**EXERCISE PROMPT:**
Exact reproduction of all the entries is required, without any of their pictures.

**THE DATA:**

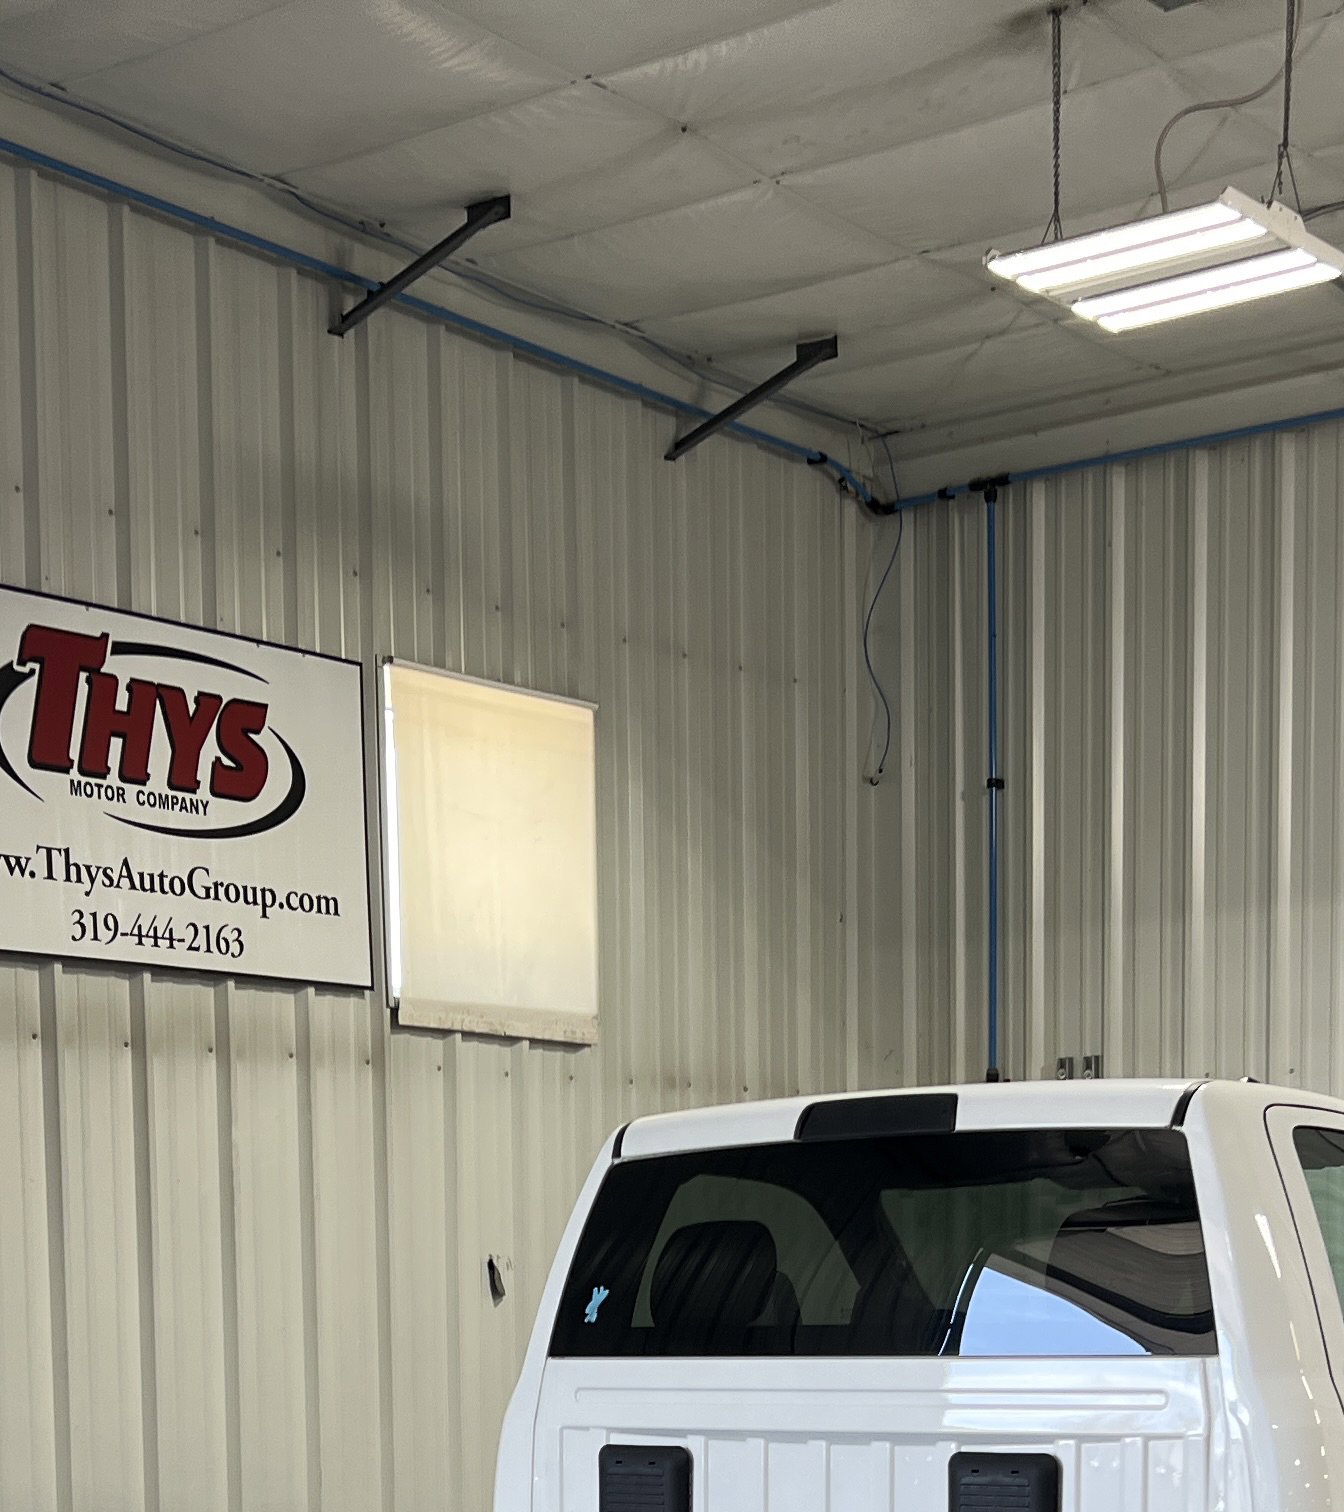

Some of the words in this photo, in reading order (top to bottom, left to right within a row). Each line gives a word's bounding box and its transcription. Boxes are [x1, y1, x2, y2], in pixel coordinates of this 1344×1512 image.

[16, 623, 270, 803] THYS
[69, 779, 127, 804] MOTOR
[136, 790, 210, 816] COMPANY
[70, 908, 246, 959] 319-444-2163

**EXERCISE OUTPUT:**
Some of the words in this photo, in reading order (top to bottom, left to right within a row). Each line gives a word's bounding box and its transcription. Boxes are [x1, y1, x2, y2], in pixel coordinates of this 1344×1512 image.

[16, 623, 270, 803] THYS
[69, 779, 127, 804] MOTOR
[136, 790, 210, 816] COMPANY
[70, 908, 246, 959] 319-444-2163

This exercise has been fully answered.